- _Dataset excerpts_
□ □ □ □ □

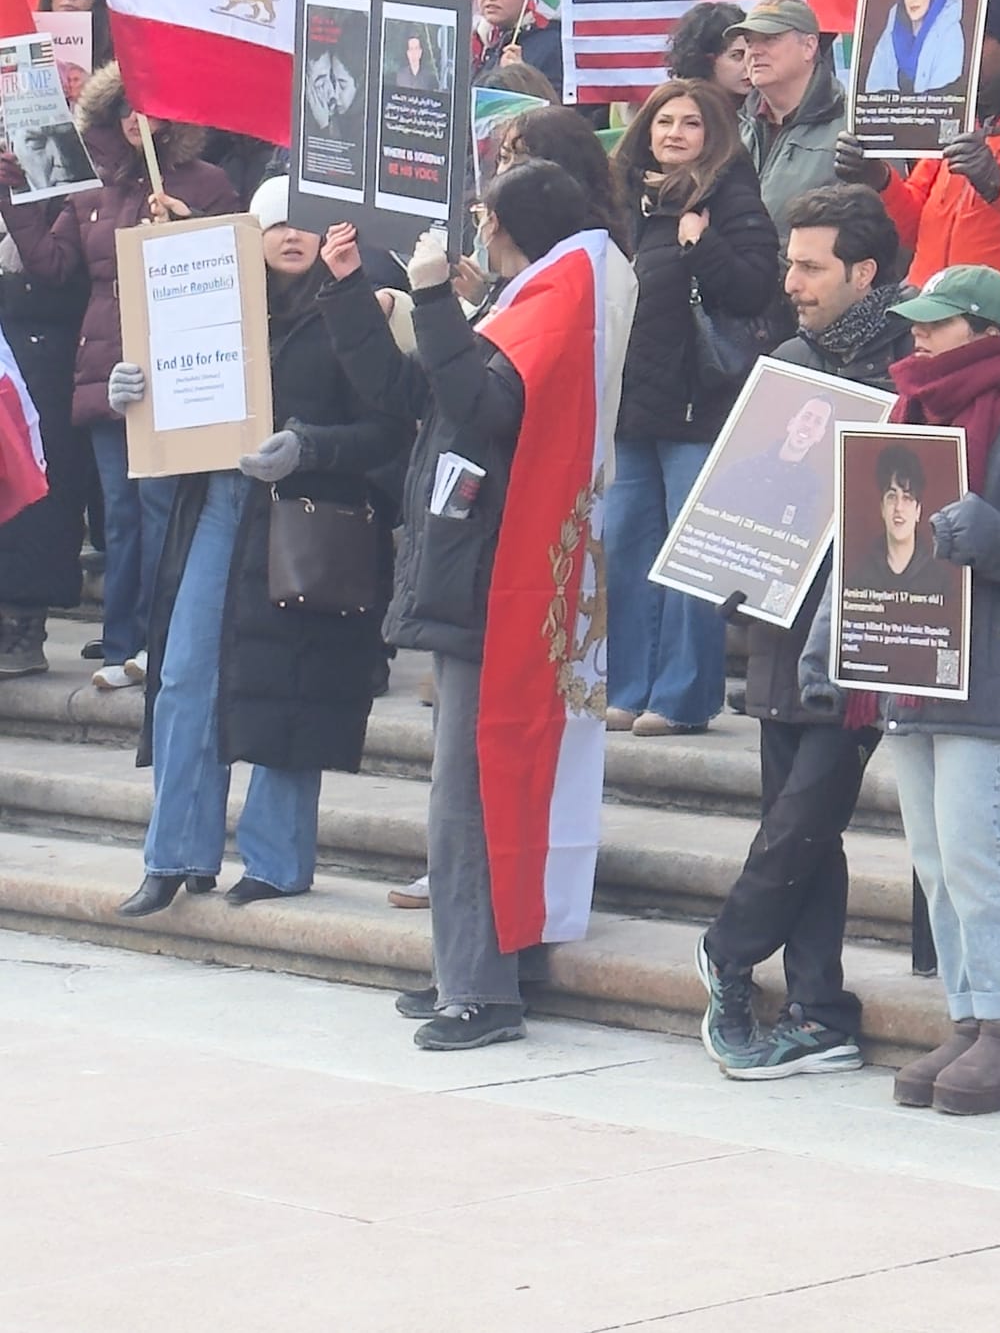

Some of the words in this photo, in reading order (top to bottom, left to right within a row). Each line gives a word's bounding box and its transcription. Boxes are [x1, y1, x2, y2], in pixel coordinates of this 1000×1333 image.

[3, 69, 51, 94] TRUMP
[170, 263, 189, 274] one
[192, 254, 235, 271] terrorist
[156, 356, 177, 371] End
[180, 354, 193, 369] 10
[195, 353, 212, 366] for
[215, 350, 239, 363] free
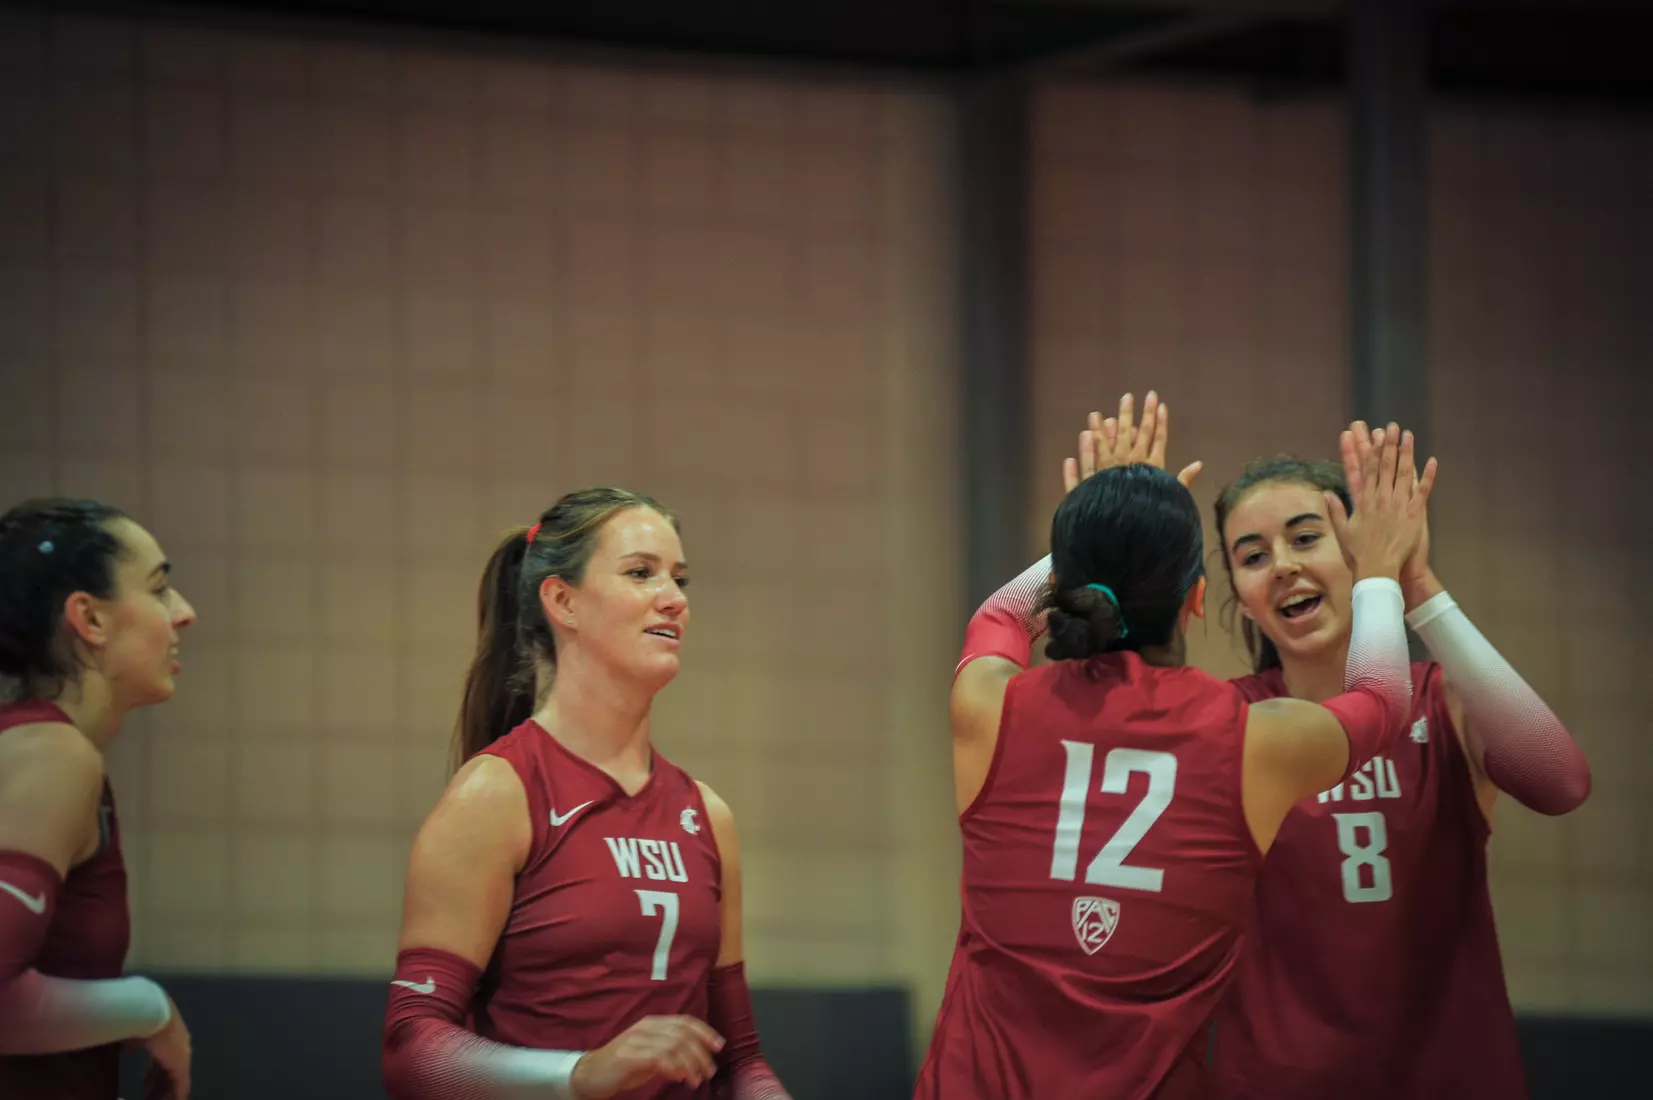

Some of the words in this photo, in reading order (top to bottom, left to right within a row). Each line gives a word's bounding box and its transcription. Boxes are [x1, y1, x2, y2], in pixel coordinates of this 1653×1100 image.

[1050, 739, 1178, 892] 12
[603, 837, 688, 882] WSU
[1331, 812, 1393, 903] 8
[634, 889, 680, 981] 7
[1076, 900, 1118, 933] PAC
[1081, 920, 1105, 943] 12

□ □ □ □ □

- _WHAT IS BEING ASKED_
Drop the images and return the data verbatim.

- _RESPONSE AREA_
Some of the words in this photo, in reading order (top to bottom, left to right within a row). Each line gives a word's bounding box and its transcription. Boxes are [x1, y1, x2, y2], in pixel coordinates of this 1000×1333 image.

[3, 69, 51, 94] TRUMP
[170, 263, 189, 274] one
[192, 254, 235, 271] terrorist
[156, 356, 177, 371] End
[180, 354, 193, 369] 10
[195, 353, 212, 366] for
[215, 350, 239, 363] free

Some of the words in this photo, in reading order (top to bottom, left to right within a row). Each line gives a word's bounding box and its transcription. Boxes are [x1, y1, x2, y2], in pixel coordinates of this 1653×1100 image.

[1050, 739, 1178, 892] 12
[603, 837, 688, 882] WSU
[1331, 812, 1393, 903] 8
[634, 889, 680, 981] 7
[1076, 900, 1118, 933] PAC
[1081, 920, 1105, 943] 12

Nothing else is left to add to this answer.